Le sourire demeura, mais son fond se fit plus dur.
« Avez-vous un rendez-vous avec le président Pei ? »
« Non. »
« On vous attend dans son bureau ? »
« Non. »
« Dans ce cas, je crains que le président Pei ne soit pas disponible. »
Qiao Zhiyi détourna la tête vers les ascenseurs.
Il se trouvait dans cet immeuble.
Probablement à moins de deux cents mètres.
C’était plus proche qu’elle ne l’avait jamais été à cette époque de sa vie précédente.
« Je dois le voir. »
« Le président Pei ne reçoit personne sans rendez-vous. »
« Il va me recevoir. »
Le sourire de la réceptionniste s’affina. « Si vous laissez votre nom ainsi que le motif de votre visite, je pourrai transmettre un message au service concerné. »
« Qiao Zhiyi. »
« Et le motif de votre visite ? »
Qiao Zhiyi fixa la réceptionniste avant de porter son regard sur les ascenseurs sécurisés.
Si Hanchuan se souvenait d’elle, son nom suffirait amplement.
Sinon, elle devrait exposer un problème assez crucial pour le pousser à accepter de la rencontrer.
« Quelqu’un au sein de son entreprise vend des informations confidentielles. »
L’expression de la réceptionniste resta imperturbable. « Quelles informations ? »
« Je ne sais pas. »
« À qui ? »
« Je ne sais pas non plus. »
« Avez-vous des preuves ? »
« Non. »
La femme la fixa droit dans les yeux.
Qiao Zhiyi cernait le problème.
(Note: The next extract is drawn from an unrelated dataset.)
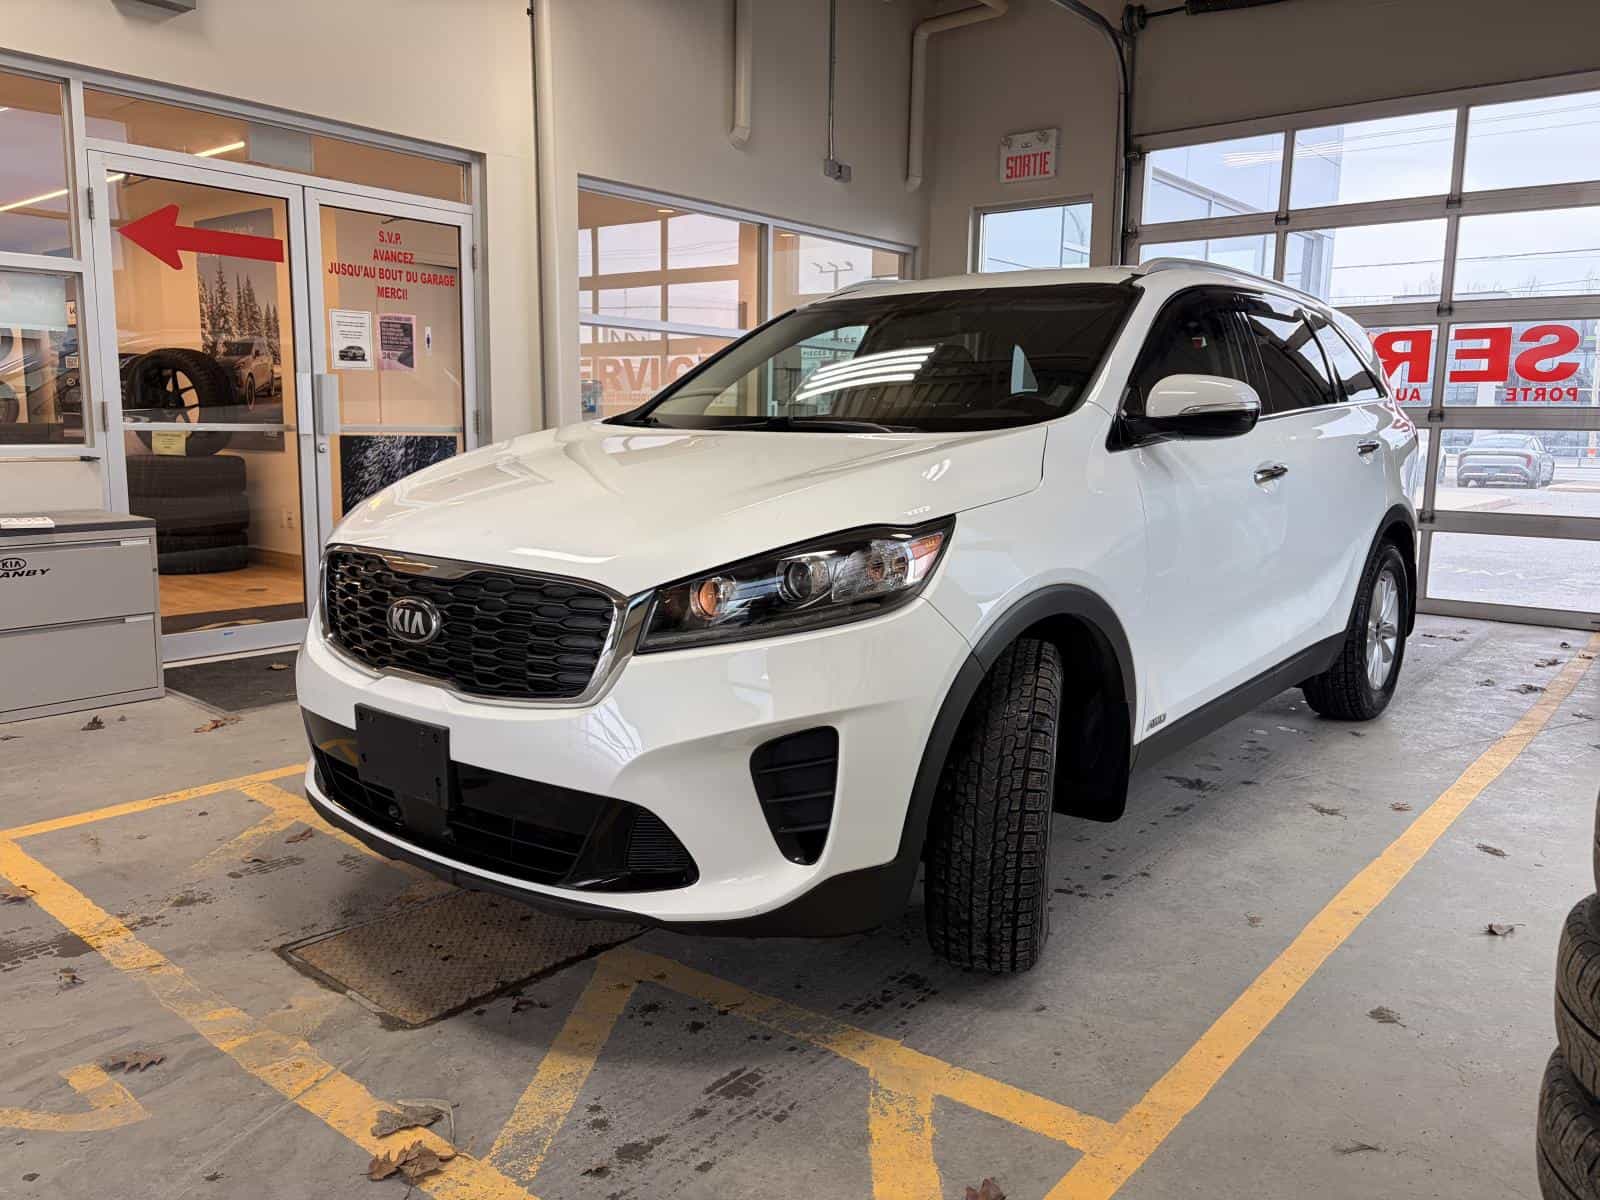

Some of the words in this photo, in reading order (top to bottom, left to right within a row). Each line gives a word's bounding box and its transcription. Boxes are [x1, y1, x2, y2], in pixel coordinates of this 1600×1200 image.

Une accusation sans preuve n’avait aucune valeur tangible. Elle avait choisi une menace statistiquement plausible, mais la vraisemblance ne faisait pas foi.
« Dans ce cas, je crains de ne pouvoir vous aider. »
« Vous ne lui avez pas dit que j’étais là. »
« Le président Pei n’est pas averti à chaque fois qu’une personne pénètre dans le hall et réclame sa présence. »
« Il doit connaître mon nom. »
« Avez-vous un rendez-vous ? »
« Non. »
« Alors vous devrez partir. »
Deux agents de sécurité avaient entamé leur marche vers le bureau.
Qiao Zhiyi tourna son regard d’eux vers les ascenseurs verrouillés.
Elle avait rejoint l’immeuble adéquat.
Hanchuan se cachait quelque part à l’intérieur.
Mais elle manquait de rendez-vous, de preuves et de moyen de le contacter. Si elle refusait de partir, les vigiles la forceraient à sortir. S’ils la laissaient partir, elle ignorait si on lui permettrait de revenir.
Trop de scénarios possibles s’offraient simultanément.
Discuter.
Attendre dehors.
Chercher le parking souterrain.
Appeler son bureau.
Contacter un de ses amis.
Retourner à l’université et fabriquer des preuves.
Chaque choix générait de nouvelles ramifications avant même qu’elle puisse faire le premier mouvement.
Qiao Zhiyi cessa de marcher.
La réceptionniste prononça un nouveau commentaire.
L’un des agents de sécurité atteignit enfin sa position.
Qiao Zhiyi n’entendit aucun des deux.
Elle avait retrouvé Hanchuan.
Seulement, elle ne parvenait tout simplement pas à l’atteindre.